Ian, who’s been running The Feathers Inn in Llanystumdwy with his wife, Cath, for eight years, added: “Like most people who’s had to travel the A470, I fell into the habit of thinking of ways to avoid parts of this incredibly dull and tedious road. It almost became like a game for me to try to find new and more interesting roads. So the route from Llanbrynmair past Staylittle and the Llyn Clywedog reservoir became familiar, and from time to time I would also venture over Mynydd Epynt.

“During those long hours of staring at the backs of tractors and caravans on the A470, I dreamt of ways to complete the whole journey on small country roads, and this was what inspired me to write the book.”
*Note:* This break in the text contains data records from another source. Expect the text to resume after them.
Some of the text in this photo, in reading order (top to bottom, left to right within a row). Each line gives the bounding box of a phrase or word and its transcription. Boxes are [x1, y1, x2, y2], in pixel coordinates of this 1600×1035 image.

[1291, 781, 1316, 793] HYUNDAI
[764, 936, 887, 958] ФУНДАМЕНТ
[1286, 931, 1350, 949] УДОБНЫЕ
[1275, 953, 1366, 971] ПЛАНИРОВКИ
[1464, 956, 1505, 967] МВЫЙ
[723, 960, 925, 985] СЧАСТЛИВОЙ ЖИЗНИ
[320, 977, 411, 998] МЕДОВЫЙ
On the way we get a glimpse of some of the interesting (and the not so interesting!) places Ian passed through on these small country roads, as well as meeting some colourful characters in some unique little pubs, all to the sound of Ian’s light-hearted, tongue-in-cheek commentary.

Ian said: “My favourite part of the journey is from Tregaron to Llanwrtyd, past the little Soar-y-mynydd chapel and over Abergwesyn. There’s some kind of special magic in such barren wilderness, when your only company is nature itself. But such places are getting increasingly rare as man feels the need to stick his fingers in every little nook and cranny nowadays.”
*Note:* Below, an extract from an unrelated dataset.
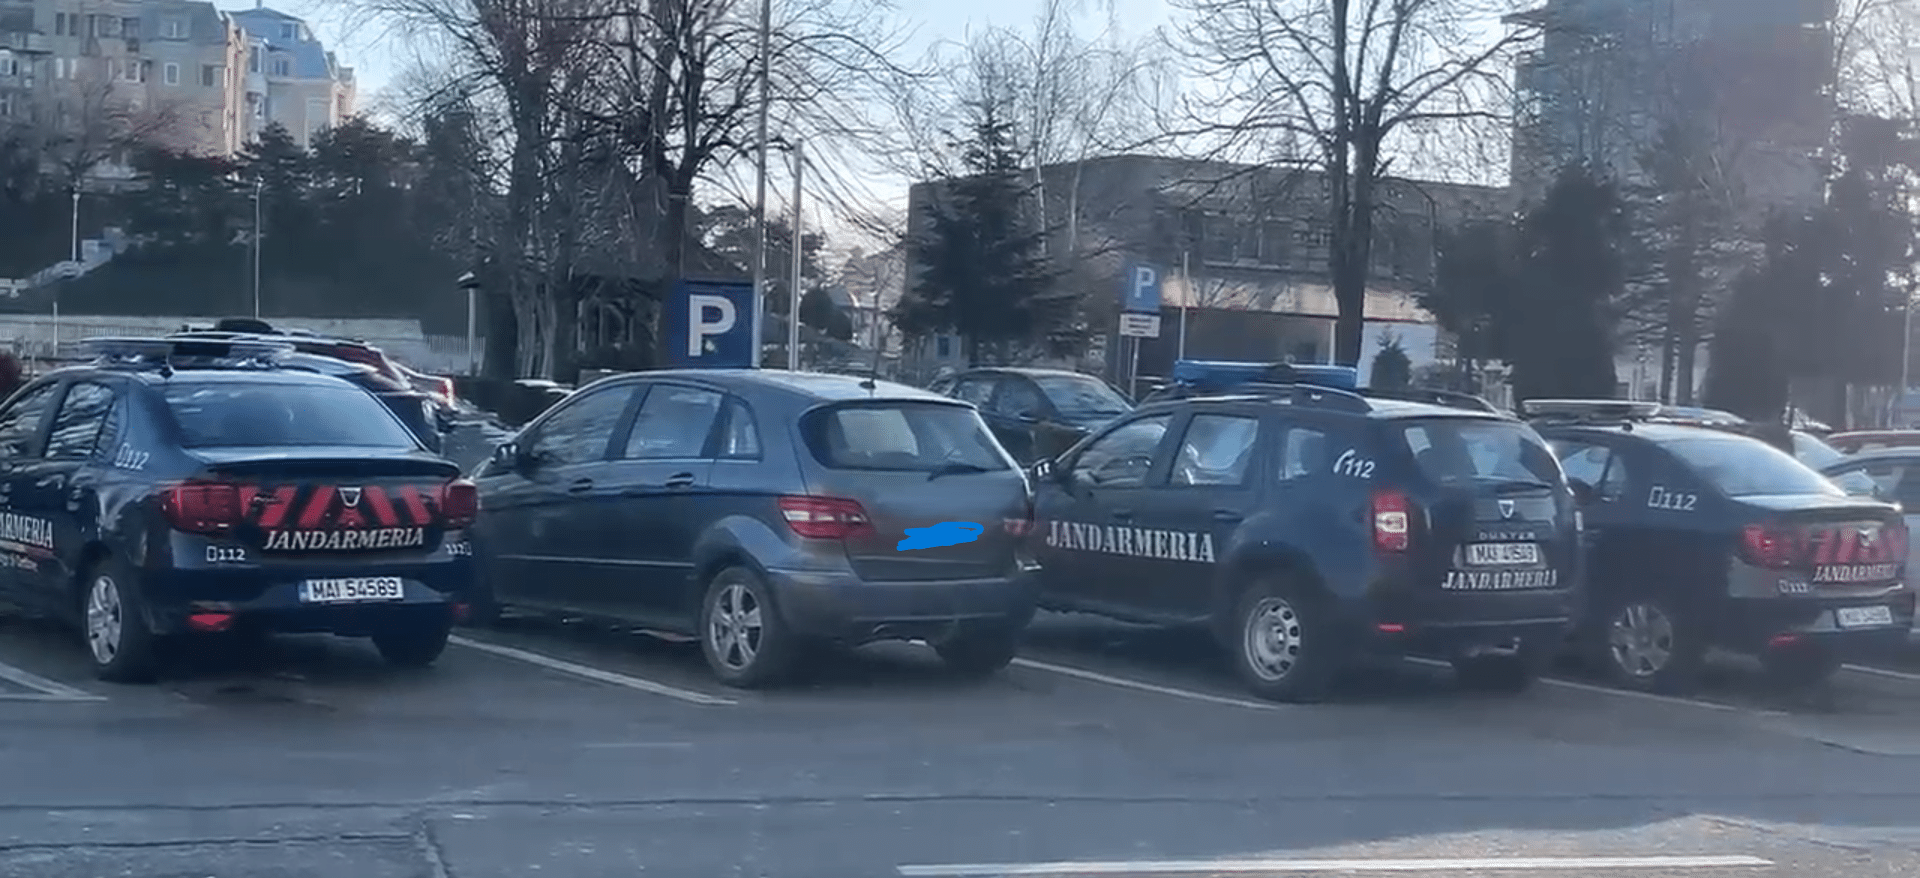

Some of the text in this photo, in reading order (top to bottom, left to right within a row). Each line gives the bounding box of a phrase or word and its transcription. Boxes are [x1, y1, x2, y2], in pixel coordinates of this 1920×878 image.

For those who intend to make the journey from the comfort of their own home, Andy Roberts Davies’ humorous cartoons will be a means of appreciating some of the pearls that can be seen on the way. Amusing photos also contribute to the book’s sense of fun and adventure, most of them taken by the author himself.

“I hope the book will inspire people to venture on at least parts of this route and open their eyes to some new places, including some of our country’s finest beauty-spots,” said Ian. “It is part travel book, part history book, part satirical and partly a record of our era, but never heavy or tedious in style. I hope it will appeal to readers who have the ability to look at life through rose-tinted spectacles, with tongue in cheek, and enjoy everything that makes us different as a nation.

“I thoroughly enjoyed the journey myself, mainly because there was no pressure on me to arrive anywhere at any specific time. I believe that I got to know Wales and its people a bit better, and I hope the readers will enjoy the ride as much as I did.”